More than a distant continent, Antarctica is a land of the imagination, shaping and shaped for centuries by explorers, adventurers, scientists, and dreamers. The Entire Earth and Sky, a kaleidoscope of legends, stories, field notes, images, reports, history, letters, and research, renders an impression, both vast and microscopic, of the effect of human beings on the land we call Antarctica, and its effect on us. It balances the reality of the frigid outpost populated by a ragtag alliance of international researchers against the crystalline dreamscape of a continent at the bottom of the world.

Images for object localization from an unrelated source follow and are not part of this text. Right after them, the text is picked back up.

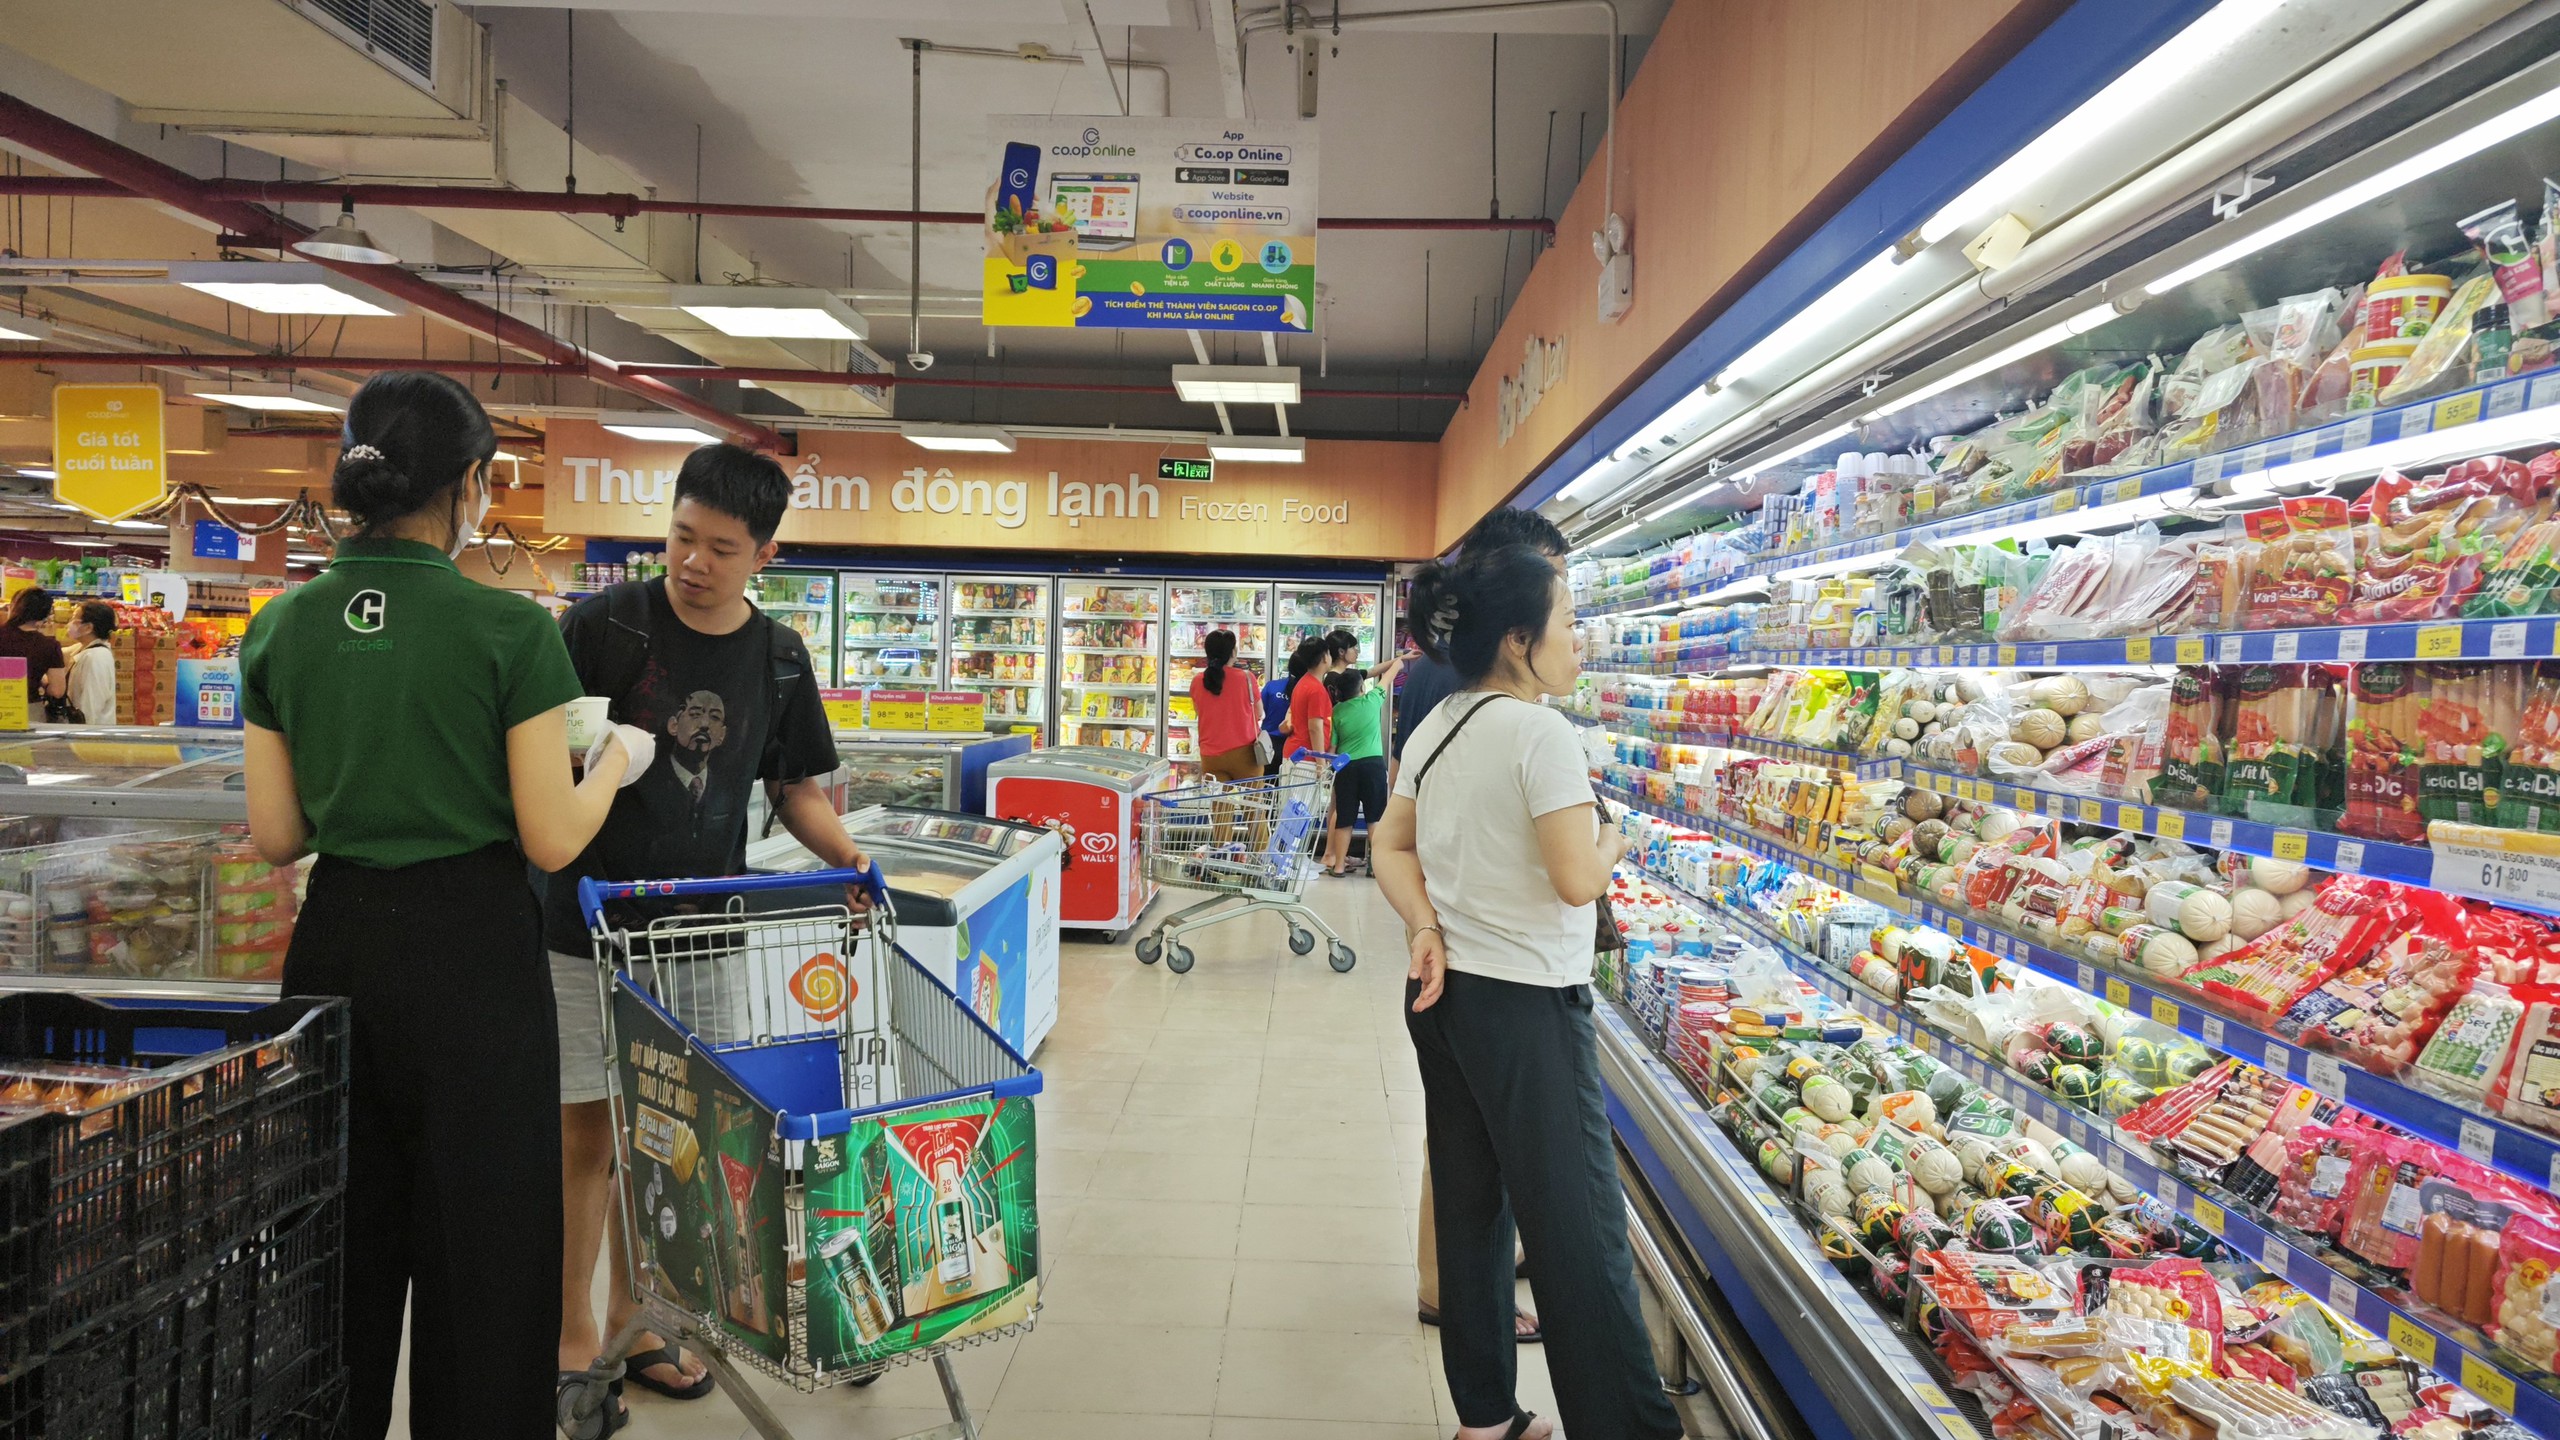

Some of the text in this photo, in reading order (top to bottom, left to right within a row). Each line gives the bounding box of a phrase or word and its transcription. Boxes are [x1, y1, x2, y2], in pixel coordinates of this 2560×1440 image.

[1223, 130, 1244, 141] App
[1194, 147, 1283, 161] Co.op Online
[1192, 174, 1226, 183] App Store
[1250, 175, 1286, 184] Google Play
[1212, 191, 1255, 201] Website
[1188, 208, 1283, 221] cooponline.vn
[1104, 299, 1124, 309] TÍCH
[1125, 299, 1146, 309] ĐIỂM
[1166, 300, 1195, 310] THÀNH
[1197, 301, 1217, 311] VIÊN
[1218, 303, 1250, 311] SAIGON
[1252, 304, 1278, 312] CO.OP
[1147, 311, 1235, 321] KHI MUA SẮM ONLINE
[2446, 405, 2459, 419] 55
[77, 429, 140, 447] Giá tốt
[65, 452, 154, 470] cuối tuần
[1189, 469, 1209, 478] EXIT
[891, 466, 1029, 528] đông
[1047, 472, 1160, 527] lạnh
[1181, 496, 1269, 523] Frozen
[1281, 499, 1350, 524] Food
[240, 537, 253, 546] 04
[337, 638, 394, 652] KITCHEN
[2429, 639, 2440, 650] 35
[873, 693, 894, 701] Khuyến
[931, 694, 953, 702] Khuyến
[905, 711, 914, 719] 98
[2282, 842, 2291, 854] 55
[1081, 854, 1114, 863] WALL'S
[2482, 863, 2503, 888] 61
[658, 1051, 688, 1085] SPECIAL
[814, 1159, 840, 1171] SAIGON
[943, 1186, 952, 1194] 26
[2201, 1205, 2210, 1220] 70
[2400, 1330, 2413, 1347] 28
[2476, 1374, 2490, 1392] 34

When Leslie Carol Roberts went to Antarctica for the first time with Greenpeace, she was hoping to save the world. In the twenty years since then, she has shifted to the no less difficult task of saving Antarctica itself, compiling memoirs and stories, learning the biology and geography of the icy land, and documenting her own journey. Roberts describes in detail the town of Lyttelton, New Zealand—the Cape Canaveral for so many great Antarctic expeditions—prior to the devastating 2011 earthquake in which it was the epicenter.
The Entire Earth and Sky weaves the tragic and heroic tales of nineteenth-century exploration, interviews with scientists, and the author’s personal observations into a remarkable collage that evokes the beauty and the complexity, the perils and the rewards of a lifelong engagement with the earth’s last wilderness.